Human nature does not change. Despite our postmodern sophistication and our wishful thinking about perfectibility, our nature is immutable—not least in its fickleness, its embrace of irrational ideas and practices, and its suggestibility.

Charles Mackay’s classic work, Extraordinary Popular Delusions and the Madness of Crowds (1841), chronicles the fads and follies of humankind, our epidemics of irrational groupthink. It illustrates our enduring credulity, covering such follies as alchemy, financial bubbles, the Crusades, fortune-telling, false prophesy, witchcraft, and witch hunts. Mackay’s account of the Dutch tulip mania, in which people lost fortunes by bidding up the price of tulip bulbs to ridiculous levels, anticipates the recurrent cycles of boom and bust that have plagued nations’ economies since his book was first published. Such hysterical contagion continues in modern times, merely taking on new forms.

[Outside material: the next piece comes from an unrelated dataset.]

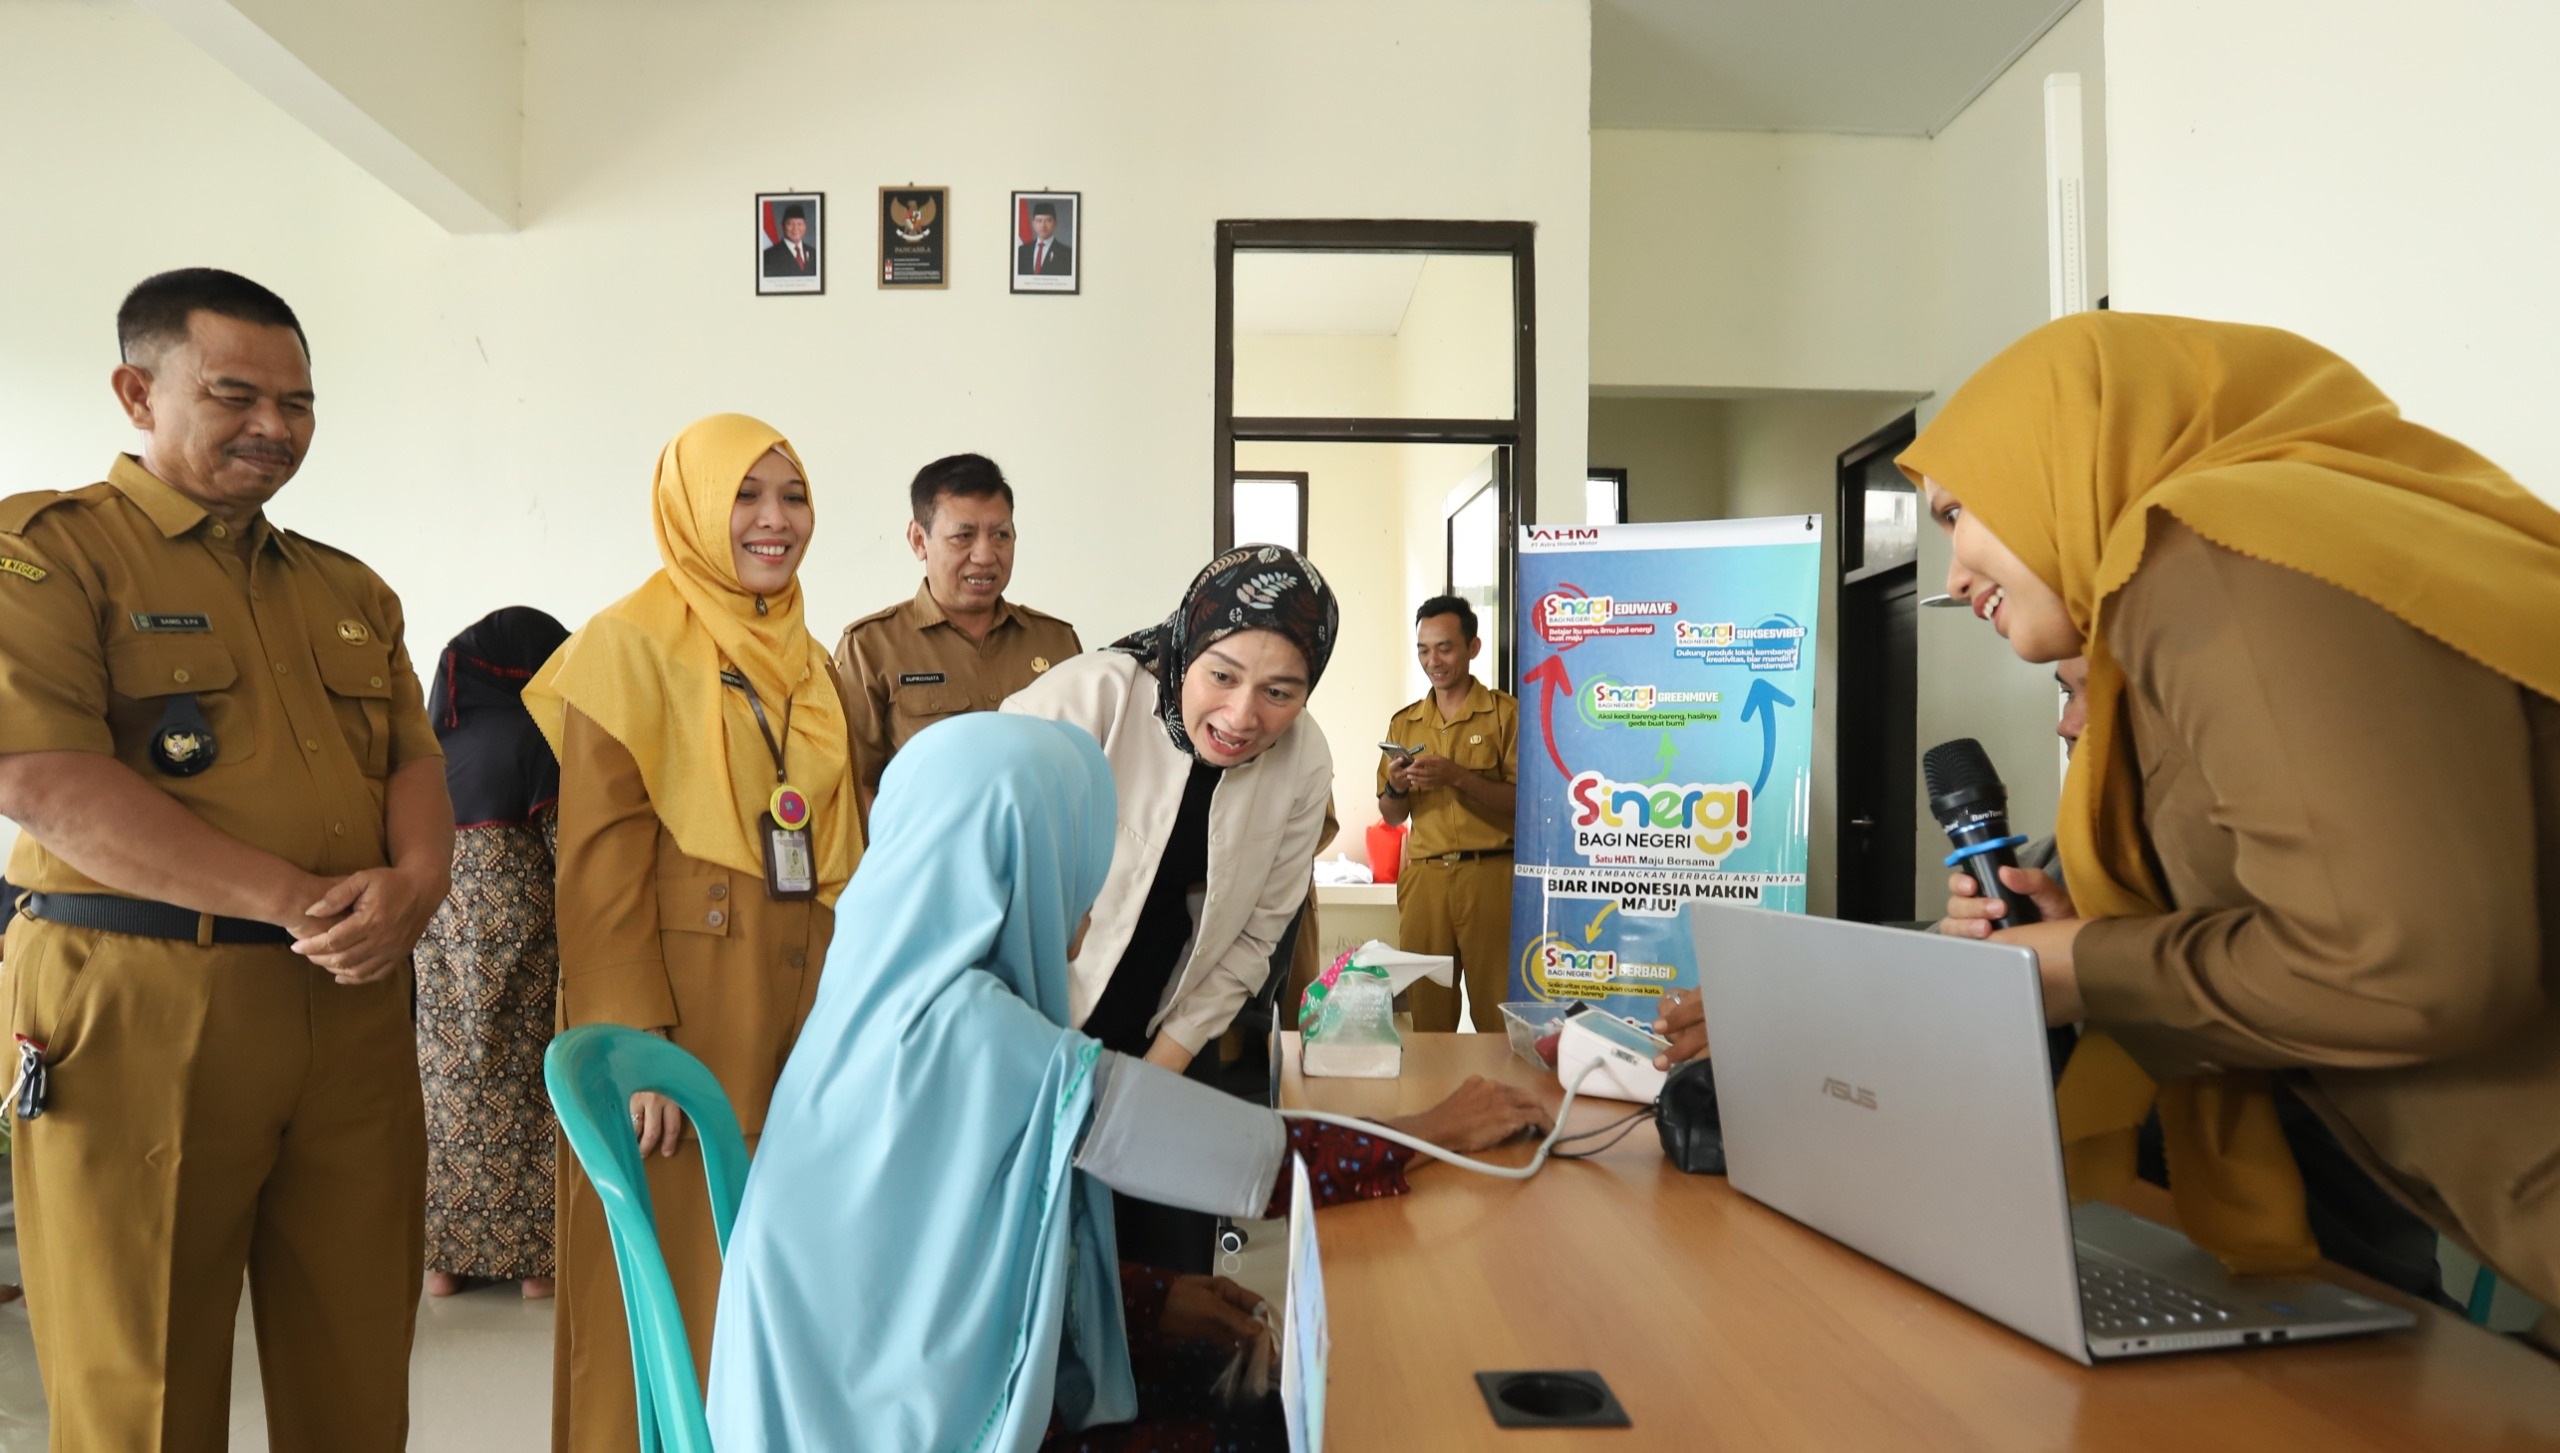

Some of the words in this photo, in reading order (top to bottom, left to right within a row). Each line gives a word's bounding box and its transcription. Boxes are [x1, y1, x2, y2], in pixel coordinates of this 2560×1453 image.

The medieval field of alchemy—the attempt to change base metals into gold and to find the philosopher’s stone capable of bringing about human perfection, even immortality—is ludicrous to the modern mind, a relic of a prescientific time. Yet the ancient belief in transmutation is still with us. Current popular delusions are aspirations not to turn base metals into gold, but rather to transcend the laws of biology and transmute human nature. Among them is the popular belief that gender is fungible, so that whether we are born male or female is of no consequence.